Tropheryma whipplei is known as the cause of Whipple's disease, but it is also an emerging pathogen, detected in stool, that causes various chronic localized infections without histological digestive involvement and is associated with acute infections, including gastroenteritis and bacteremia.


We conducted a study in 2008 and 2009 using 497 non-diarrheic and diarrheic stool samples, 370 saliva samples, 454 sera samples and 105 samples obtained from water samples in two rural Sine-Saloum villages (Dielmo and Ndiop) in Senegal. The presence of T. whipplei was investigated by using specific quantitative PCR. Genotyping was performed on positive samples.

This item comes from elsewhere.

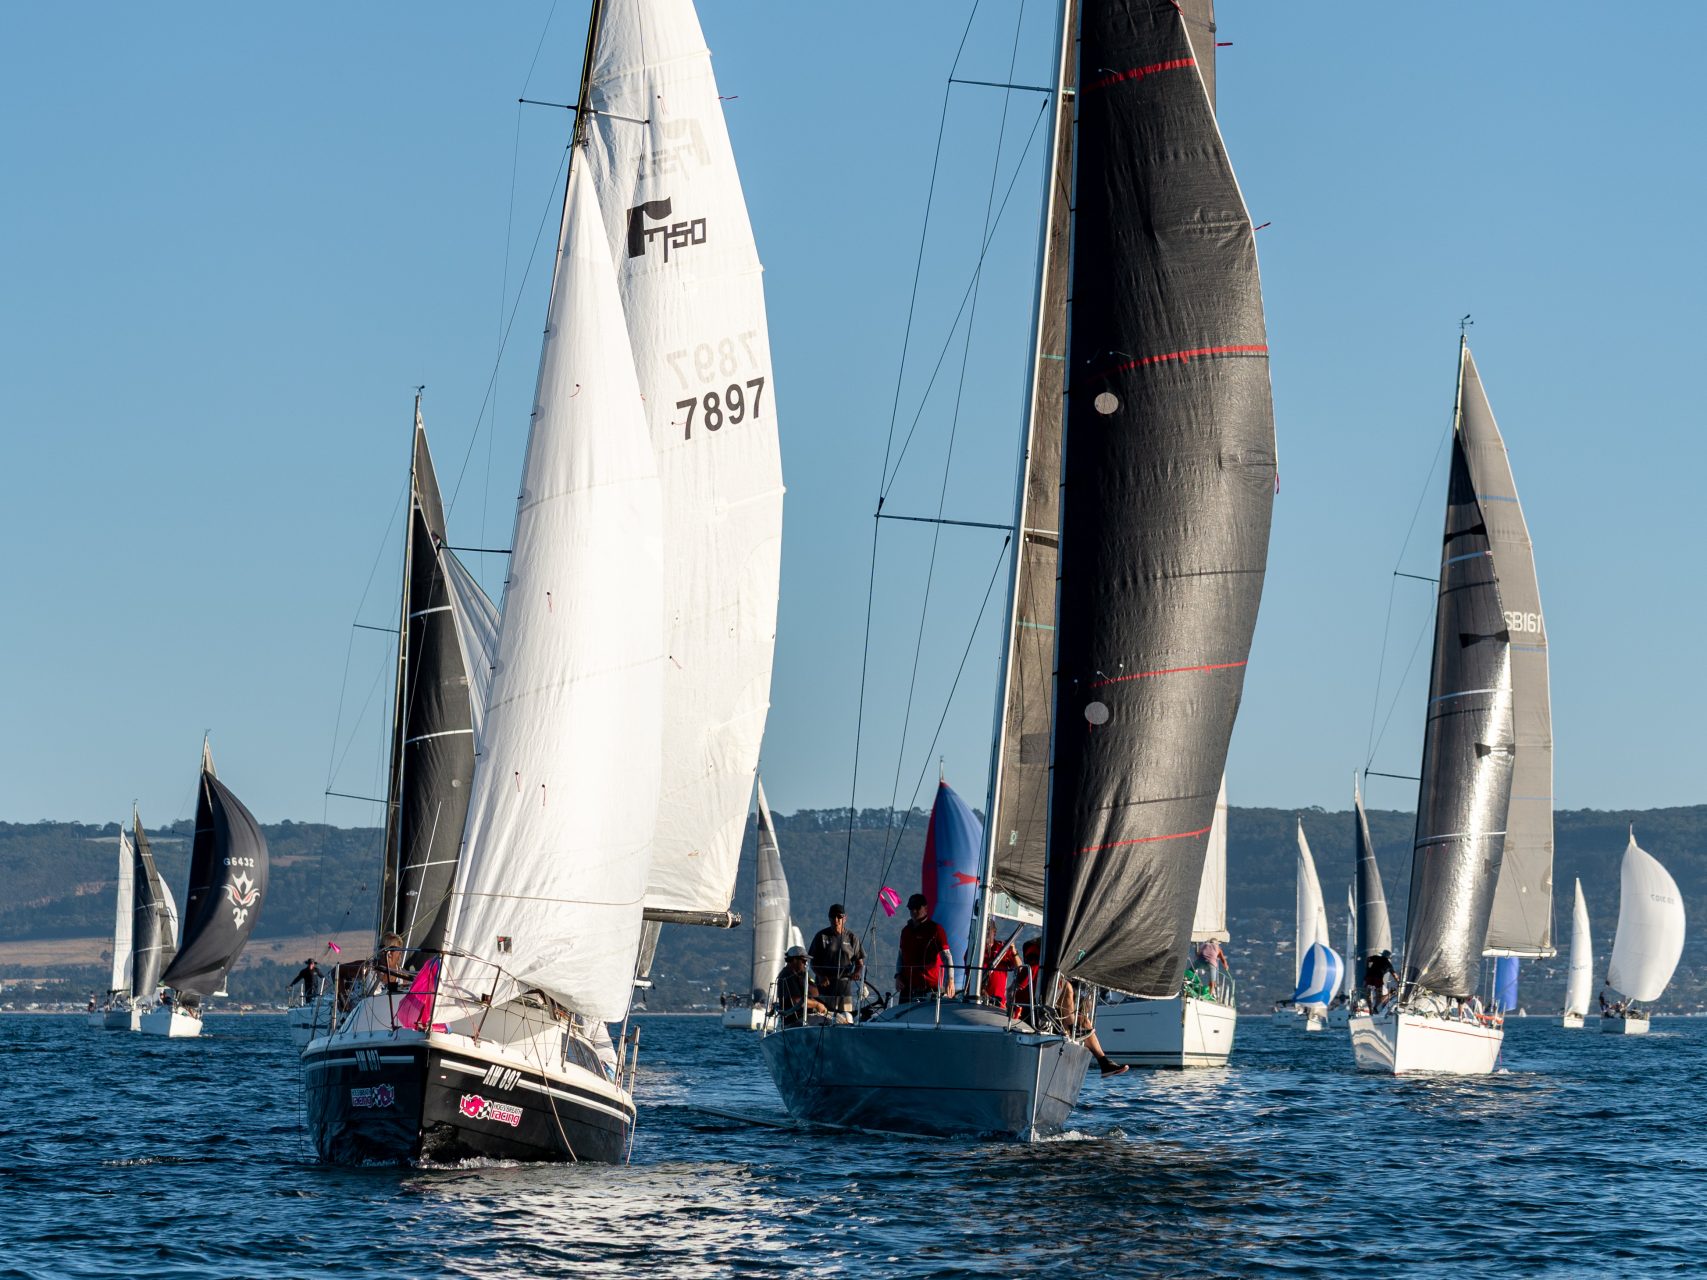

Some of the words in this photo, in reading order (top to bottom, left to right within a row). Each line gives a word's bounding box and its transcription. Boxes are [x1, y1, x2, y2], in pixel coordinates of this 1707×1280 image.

A serological analysis by western blotting was performed to determine the seroprevalence and to detect seroconversion. Overall, T. whipplei was identified in 31.2% of the stool samples (139/446) and 3.5% of the saliva samples (13/370) obtained from healthy subjects. The carriage in the stool specimens was significantly (p<10(-3)) higher in children who were between 0 and 4 years old (60/80, 75%) compared to samples obtained from individuals who were between 5 to 10 years old (36/119, 30.2%) or between 11 and 99 years old (43/247, 17.4%). The carriage in the stool was also significantly more common (p = 0.015) in subjects with diarrhea (25/51, 49%). We identified 22 genotypes, 16 of which were new. Only one genotype (#53) was common to both villages. Among the specific genotypes, one (#52) was epidemic in Dielmo (15/28, 53.4%, p<10(-3)) and another (#49) in Ndiop (27.6%, p = 0.002). The overall seroprevalence was estimated at 72.8% (291/400). Seroconversion was detected in 66.7% (18/27) of children for whom PCR became positive in stools between 2008 and 2009.


T. whipplei is a common bacterium in the Sine-Saloum area of rural Senegal that is contracted early in childhood. Epidemic genotypes suggest a human transmission of the bacterium.